» **Data shown**
--*--

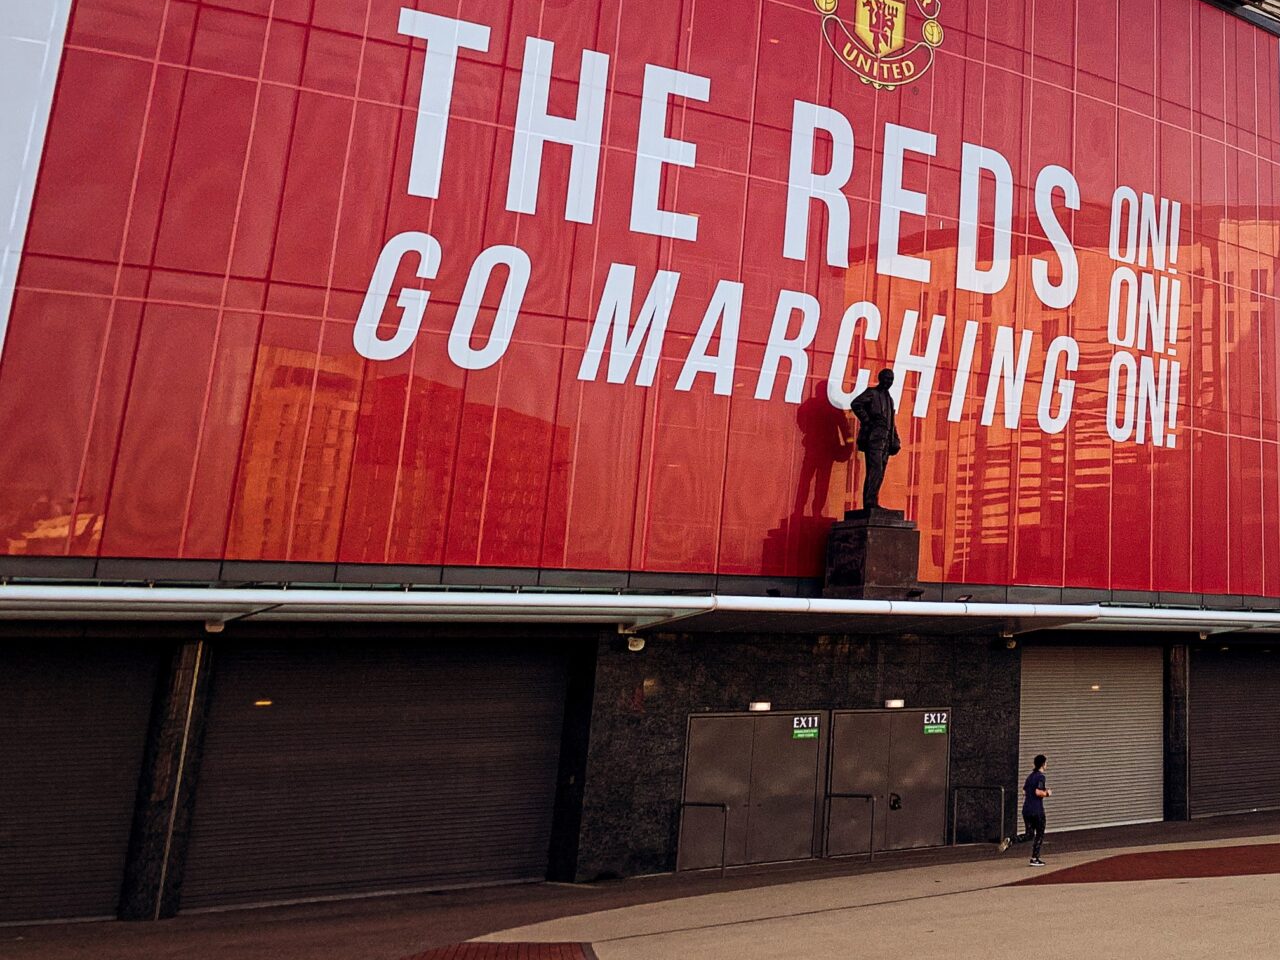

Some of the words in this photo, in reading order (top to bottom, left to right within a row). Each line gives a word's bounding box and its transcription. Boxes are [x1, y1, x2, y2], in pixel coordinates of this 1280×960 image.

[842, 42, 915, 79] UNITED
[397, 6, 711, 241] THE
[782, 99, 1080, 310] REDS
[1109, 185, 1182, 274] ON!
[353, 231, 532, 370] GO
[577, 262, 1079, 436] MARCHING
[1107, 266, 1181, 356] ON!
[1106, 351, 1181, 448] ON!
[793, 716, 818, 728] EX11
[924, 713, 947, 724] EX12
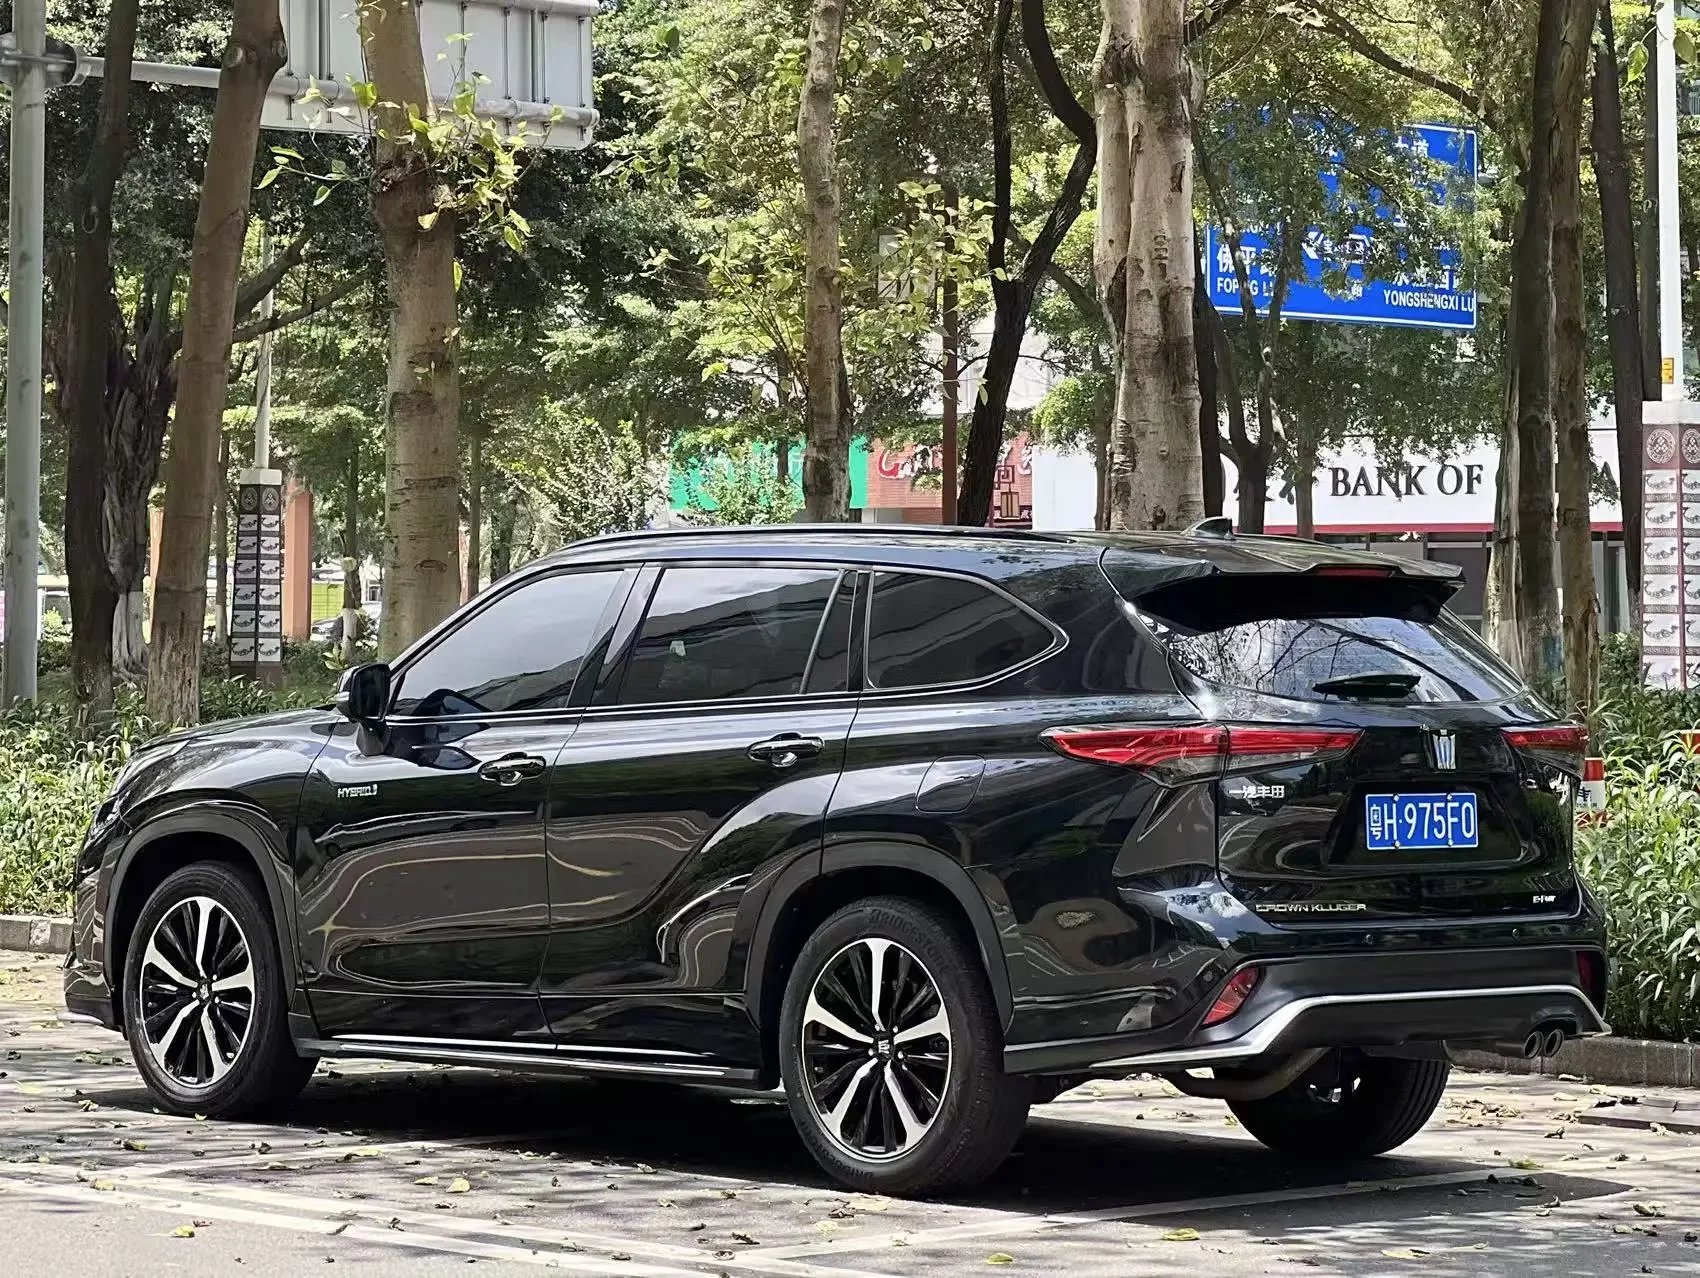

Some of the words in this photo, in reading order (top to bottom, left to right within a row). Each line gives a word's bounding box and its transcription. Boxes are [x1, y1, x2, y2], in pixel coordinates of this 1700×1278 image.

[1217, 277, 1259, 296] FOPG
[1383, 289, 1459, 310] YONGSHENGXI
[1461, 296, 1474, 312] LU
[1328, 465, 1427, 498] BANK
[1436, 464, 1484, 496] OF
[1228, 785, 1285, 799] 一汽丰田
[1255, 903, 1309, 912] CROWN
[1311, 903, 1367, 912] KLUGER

--*--

» **What you will do**
Would you copy out every entry above word for word, without the pictures?

» **Response to the task**
Some of the words in this photo, in reading order (top to bottom, left to right within a row). Each line gives a word's bounding box and its transcription. Boxes are [x1, y1, x2, y2], in pixel coordinates of this 1280×960 image.

[842, 42, 915, 79] UNITED
[397, 6, 711, 241] THE
[782, 99, 1080, 310] REDS
[1109, 185, 1182, 274] ON!
[353, 231, 532, 370] GO
[577, 262, 1079, 436] MARCHING
[1107, 266, 1181, 356] ON!
[1106, 351, 1181, 448] ON!
[793, 716, 818, 728] EX11
[924, 713, 947, 724] EX12

Some of the words in this photo, in reading order (top to bottom, left to right within a row). Each line gives a word's bounding box and its transcription. Boxes are [x1, y1, x2, y2], in pixel coordinates of this 1700×1278 image.

[1217, 277, 1259, 296] FOPG
[1383, 289, 1459, 310] YONGSHENGXI
[1461, 296, 1474, 312] LU
[1328, 465, 1427, 498] BANK
[1436, 464, 1484, 496] OF
[1228, 785, 1285, 799] 一汽丰田
[1255, 903, 1309, 912] CROWN
[1311, 903, 1367, 912] KLUGER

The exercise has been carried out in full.